T-Mac never quite lived up to the great expectations placed on him, leaving behind a complicated legacy
Getty Images/Ringer illustration

Tracy McGrady’s NBA career will be cemented in history the same way it started — with Isiah Thomas ushering him into the spotlight. Twenty years after Thomas (then the GM of the Toronto Raptors) selected McGrady with the ninth pick in the draft, he will be the one to present the former superstar at Friday’s Naismith Memorial Basketball Hall of Fame induction ceremony. One could say it’s fitting; Hall of Fame careers beg for the kind of neat, full-circle closure that McGrady will receive Friday night.

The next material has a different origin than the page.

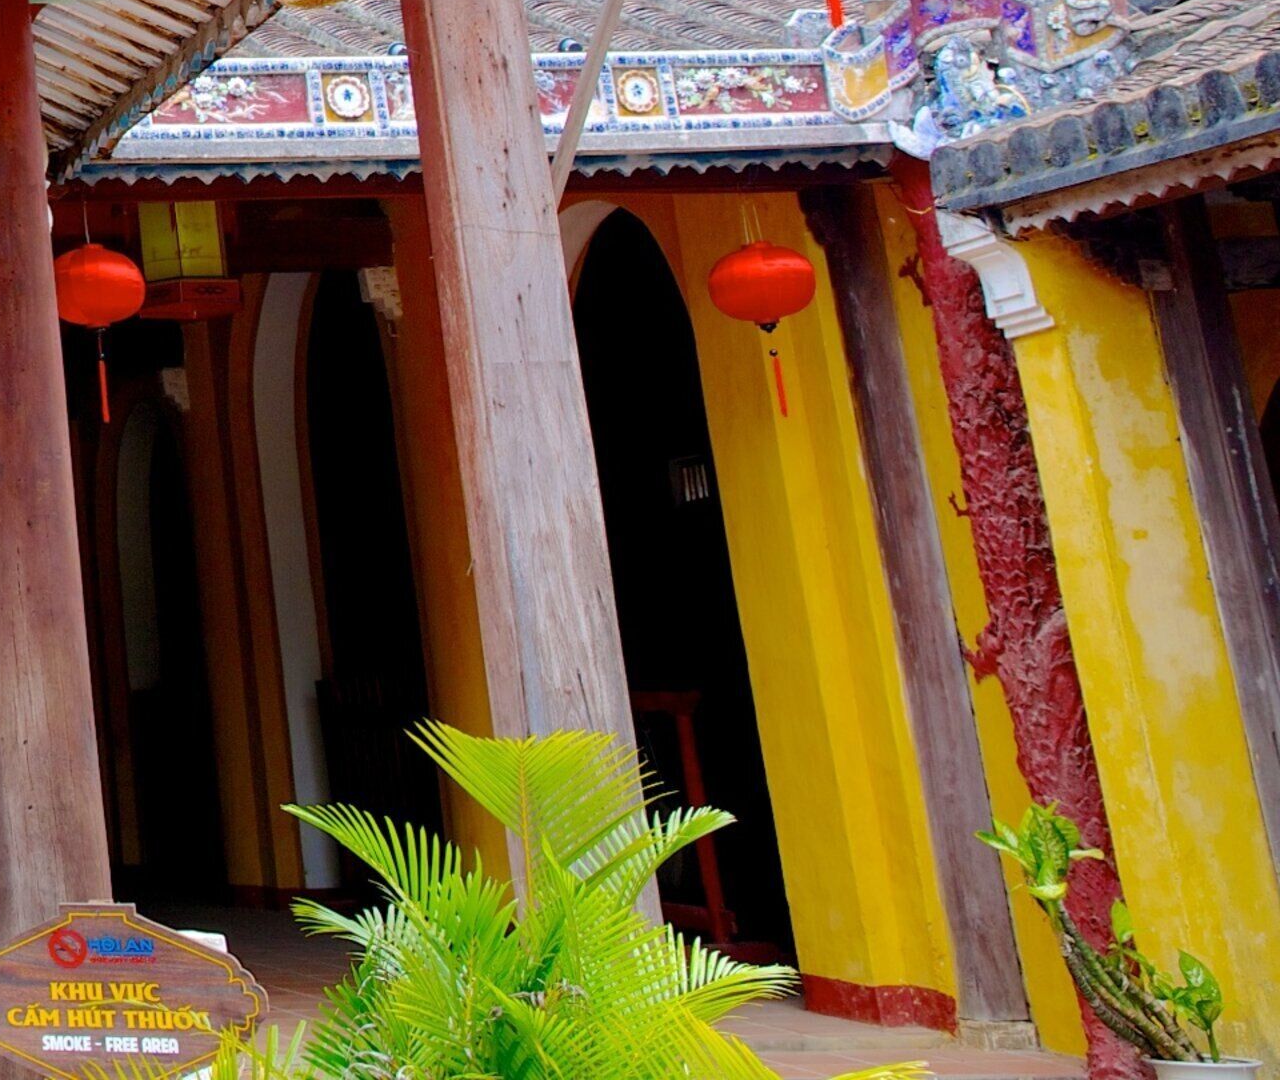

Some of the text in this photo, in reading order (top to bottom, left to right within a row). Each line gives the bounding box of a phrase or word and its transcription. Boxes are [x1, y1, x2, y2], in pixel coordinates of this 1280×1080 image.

But fitting isn’t quite the right word here. Consolation might be better. Over the course of 15 seasons, McGrady saw his back, elbows, and knees give way, hollowing out his supreme talents; he watched as supposed partners in crime in Orlando and Houston succumbed to similar fates. And yet, here lies the career of Tracy McGrady, a success worthy of enshrinement in spite of everything. For a night T-Mac will have complete control over a career narrative that was frequently just beyond his grasp.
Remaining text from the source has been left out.